Here she has laid the groundwork for the argument against stereotypical beliefs that Chicanas have not played a significant historical role in the establishment and maintenance of Chicano identity. In clearly outlining the balanced social roles within the ancestral cultures, of which many Chicanos sought to claim connection, Cotera challenges the accepted history and culture of contemporary Mexican Americans.

Mexicanas During the Colonial Period

The Spanish colonization of the Mexico region began in 1519. Led by Hernán Cortés, this marked the beginning of an era in which, Cotera notes, "Women saw themselves totally defenseless in a world of humiliation, abuse, and slavery." Conquest of the Aztec/Nahua nation devastated its cultural practices, but Cotera focuses specifically on the impact that colonization had on women. Thereby dictating that the contemporary demand on Chicanas to remain submissive and dedicated to domesticity is a colonially imposed attitude.
Here Cotera indicates the emergence of Mestizos, noting historically significant women of mixed Spanish and indigenous ancestry. Of particular significance in this section is her analysis of Doña Marina, commonly designated as the mother of the Mestizo race.
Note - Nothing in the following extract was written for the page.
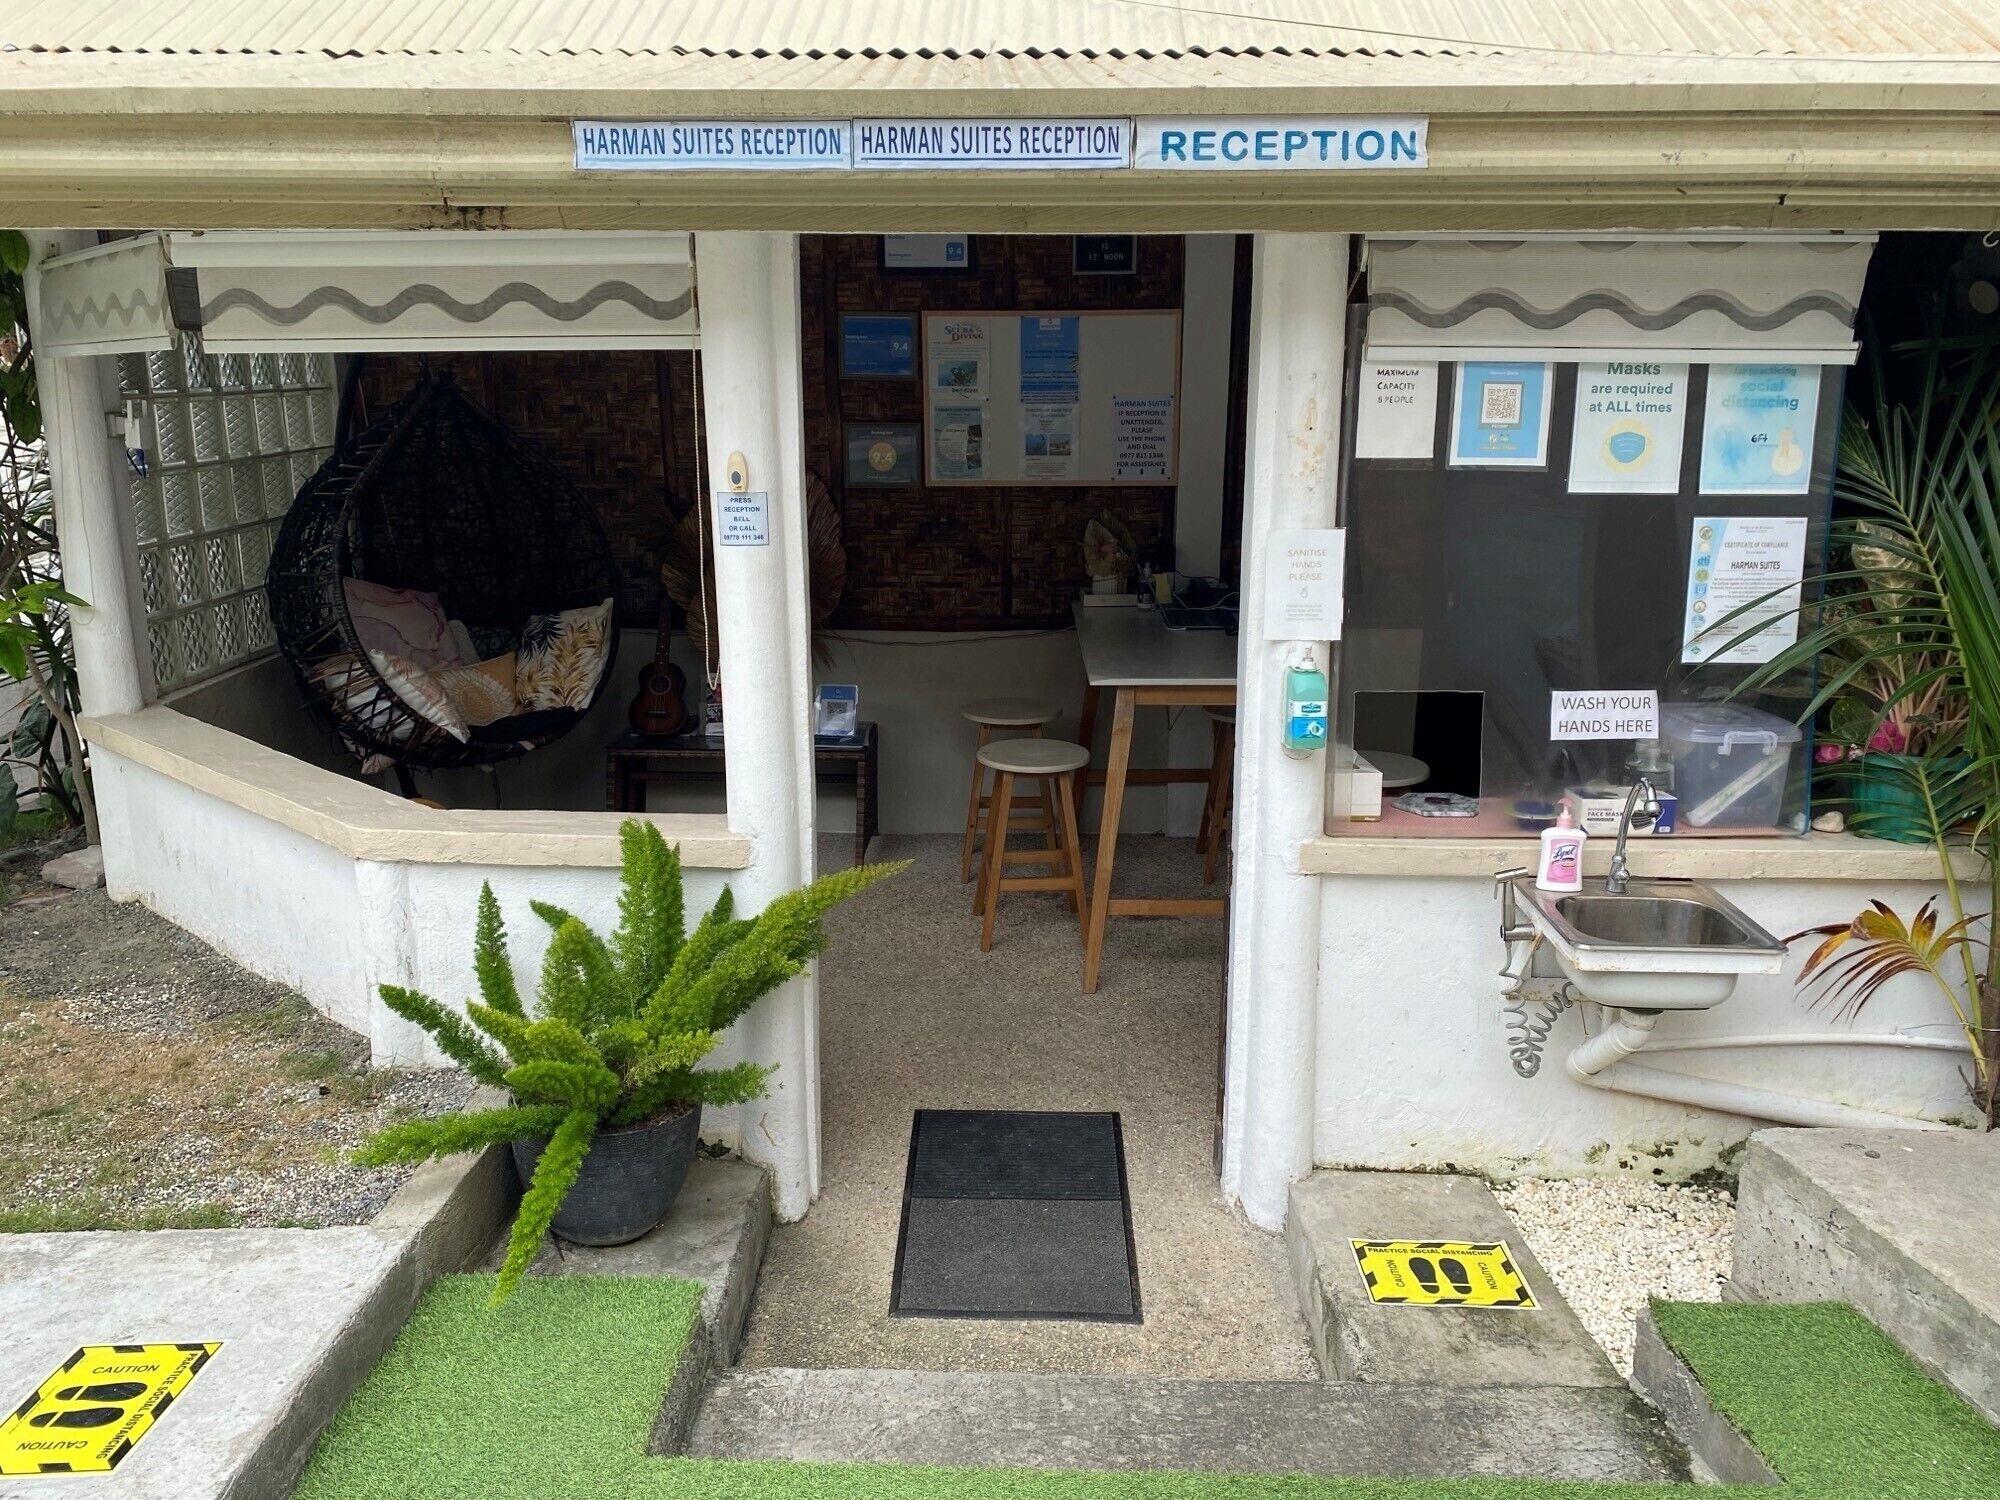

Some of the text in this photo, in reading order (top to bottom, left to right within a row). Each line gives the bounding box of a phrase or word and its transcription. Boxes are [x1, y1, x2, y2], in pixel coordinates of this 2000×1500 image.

While she does pay particular attention to Doña Marina, re-imagining her role in Mestizaje, her careful illustration that there were also other notable indigenous women who intermarried with Spaniards is distinct from other Chicana authors of her time.

Mexicanas and the War for Independence of Mexico

Making a great leap forward in history, Cotera moves on to an era of resistance. She describes Doña Maria Josefa Ortíz de Dominquez as a fearless woman in not only the struggle for independence from Spain but also resistance to the subjugation of women in the eras of colonial rule. Similar to her account of Doña Marina, Cotera shapes her argument that these were not simply isolated cases of outstanding women by providing lists of other women historically documented as active in the struggle for independence.

Revolution of 1910 and the Participation of Women

In this section Cotera uses the word feminist for the first time when describing the actions of women involved in revolutionary struggles. Detailing the necessity of women's participation in both the military and the social sectors, she indicates the sacrifices that all women made in response to the cultural shifts brought by colonization and war. Hinting at the commonalities between the revolutionary era and the civil rights era, Cotera notes that women of the revolution were working for "the obliteration of poverty, the equitable distribution of land, and the improvements of life for women and children in Mexico."

La Chicana and La Familia

An address to both the Anglo feminist movement and the Chicano nationalist movement, this chapter examines the role of La Chicana as the center of the family unit. She argues against both of the stereotypes that Chicanas are submissive and that machismo is natural characteristic of the Chicano male.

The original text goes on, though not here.